### Work to complete
The entries below are to be given back exactly, with images excluded.

[Entries taken from a collection]
>>>>
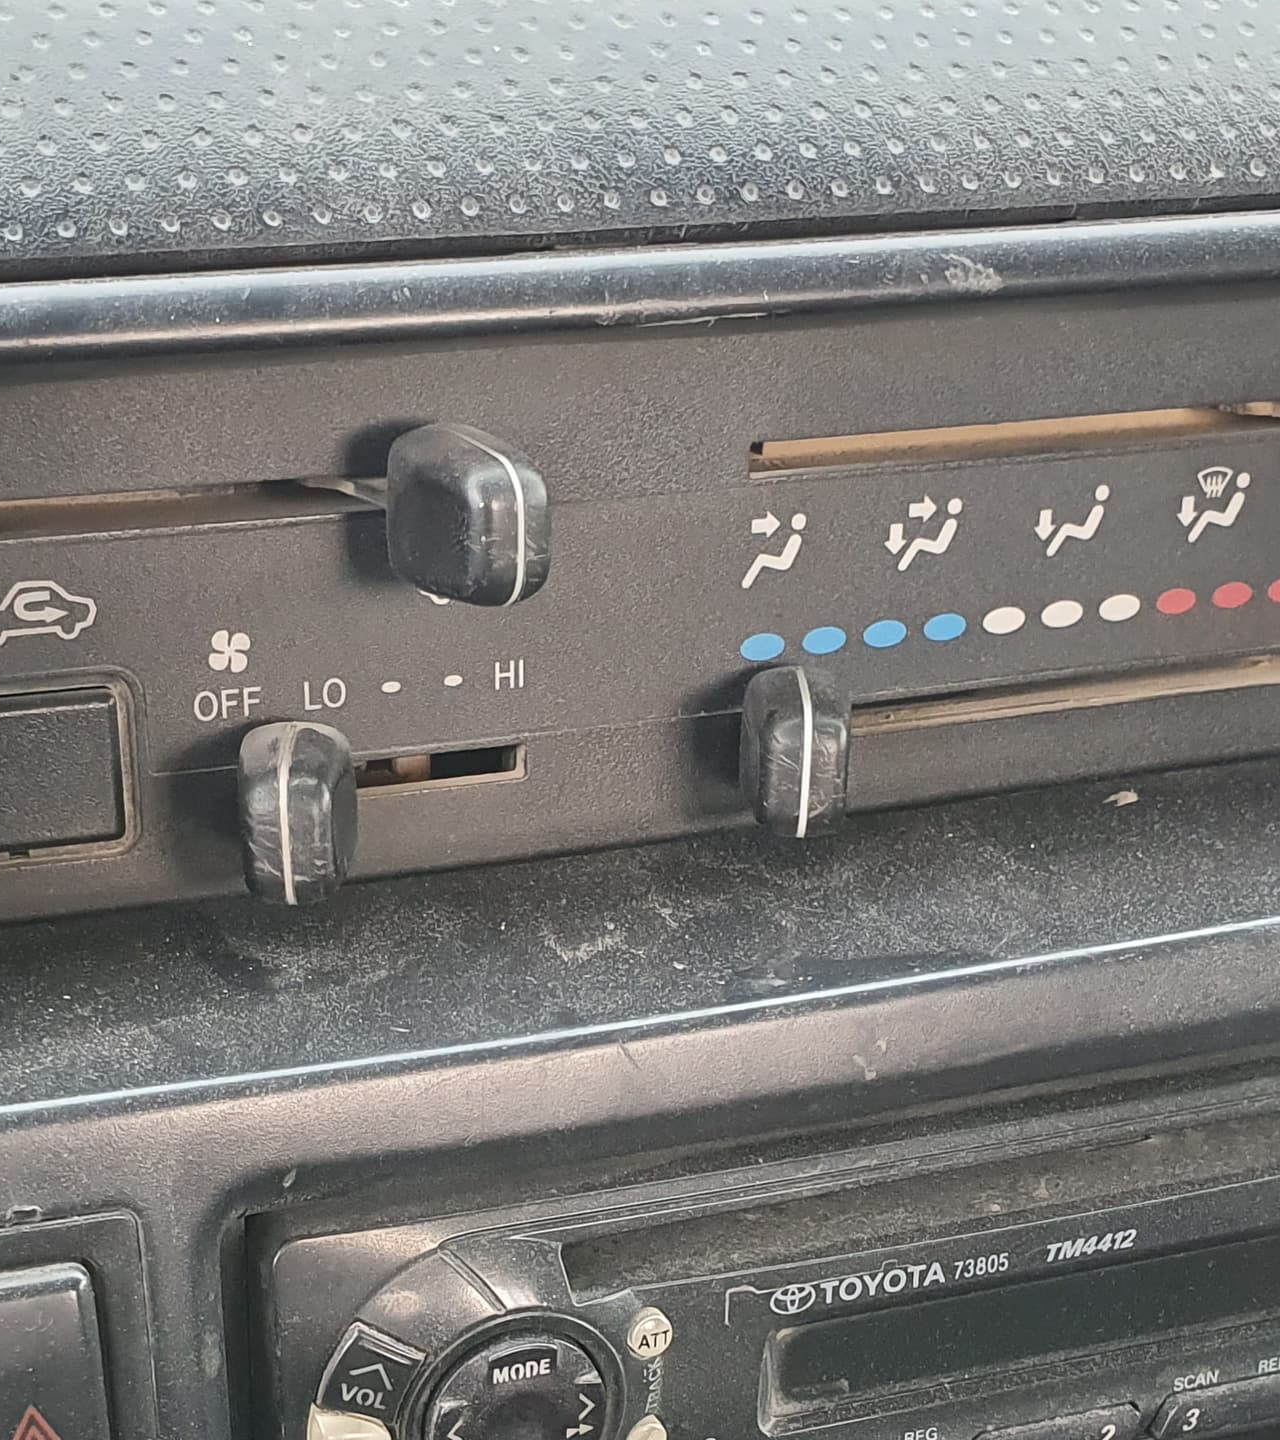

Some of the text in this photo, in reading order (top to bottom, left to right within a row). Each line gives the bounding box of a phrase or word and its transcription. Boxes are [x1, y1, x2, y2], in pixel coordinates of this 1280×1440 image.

[494, 659, 524, 690] HI
[193, 686, 262, 722] OFF
[303, 677, 347, 711] LO
[820, 1229, 1137, 1305] TOYOTA 73805 TM4412
[638, 1329, 670, 1350] ATT
[492, 1358, 552, 1385] MODE
[1173, 1370, 1220, 1392] SCAN
[341, 1382, 387, 1410] VOL
[1182, 1408, 1201, 1432] 3
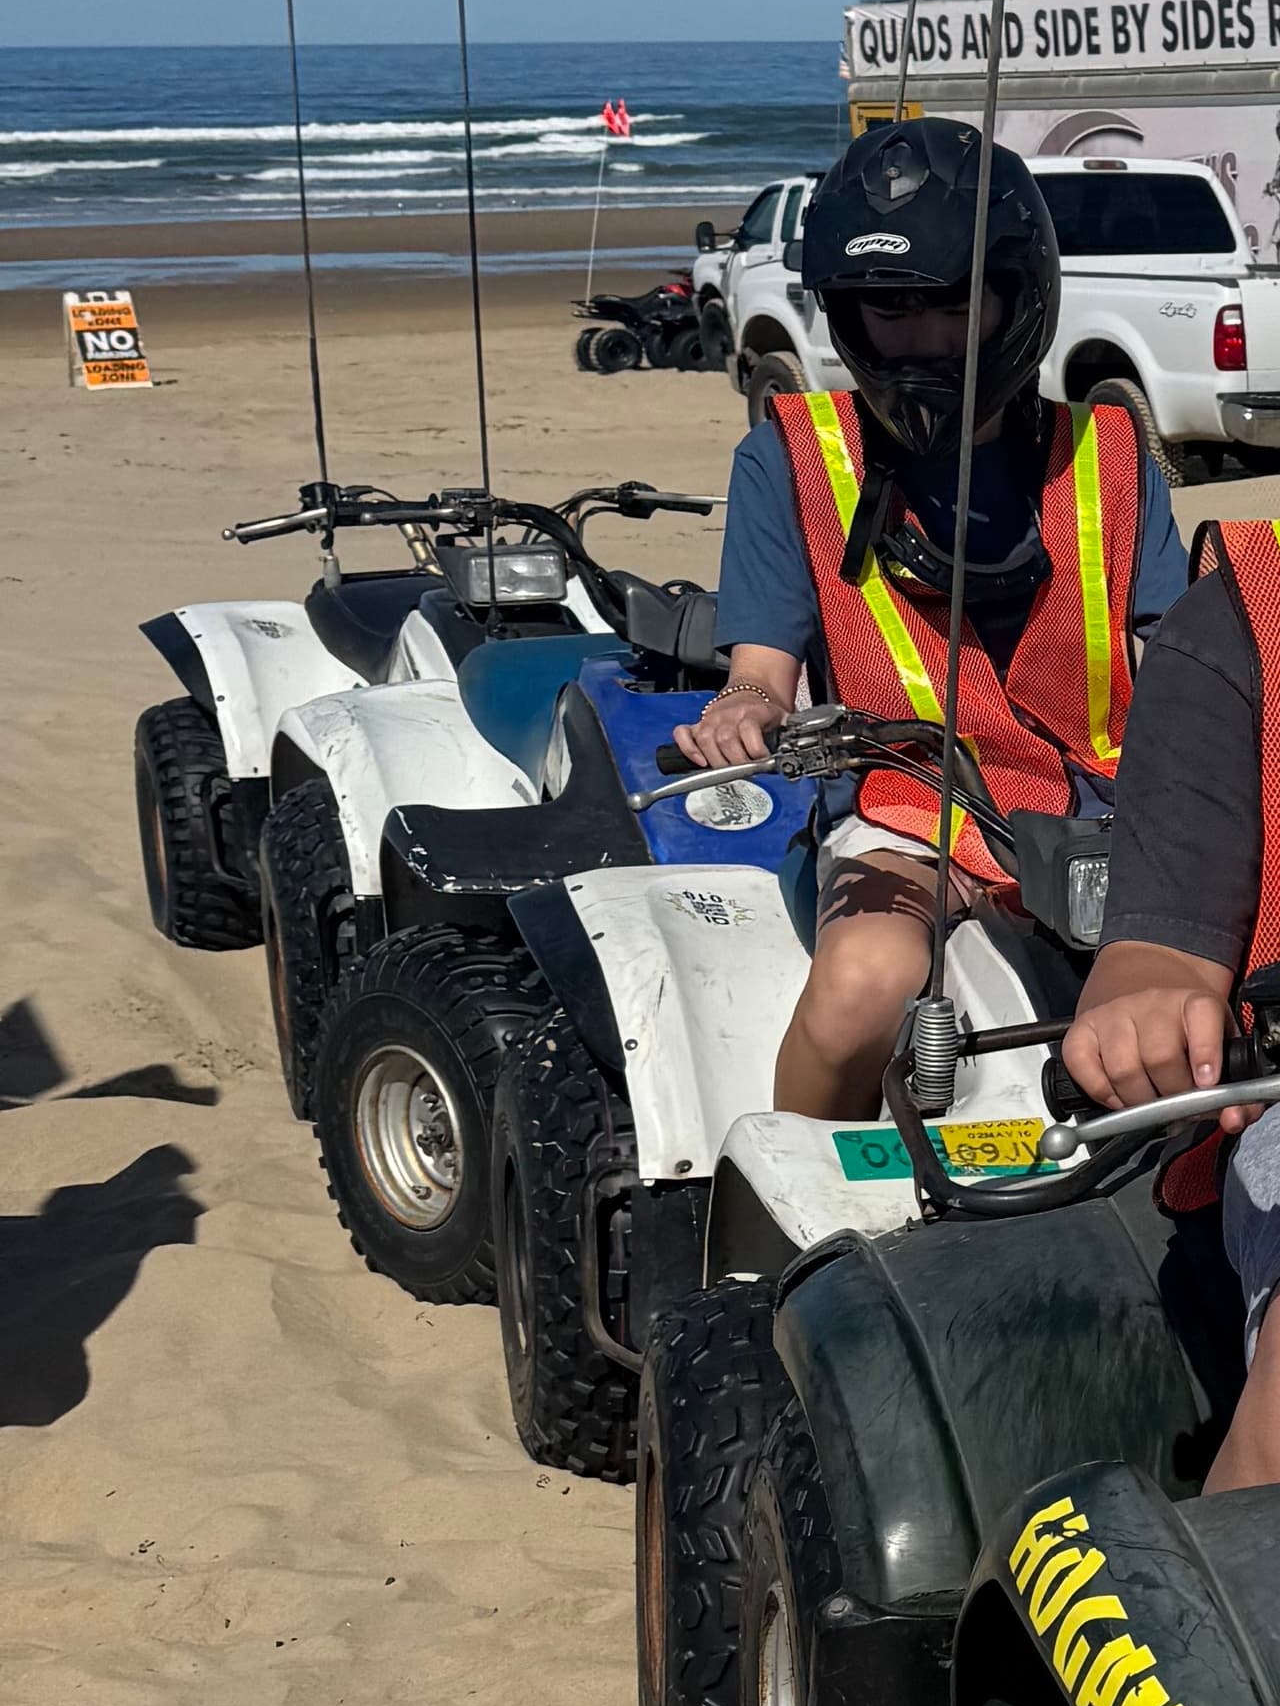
<<<<
### Task result
Some of the text in this photo, in reading order (top to bottom, left to right within a row). Each line gives the bounding box of a phrase or word and its transcription. Boxes are [x1, y1, x2, y2], in pixel coordinates of this 1280×1440 image.

[494, 659, 524, 690] HI
[193, 686, 262, 722] OFF
[303, 677, 347, 711] LO
[820, 1229, 1137, 1305] TOYOTA 73805 TM4412
[638, 1329, 670, 1350] ATT
[492, 1358, 552, 1385] MODE
[1173, 1370, 1220, 1392] SCAN
[341, 1382, 387, 1410] VOL
[1182, 1408, 1201, 1432] 3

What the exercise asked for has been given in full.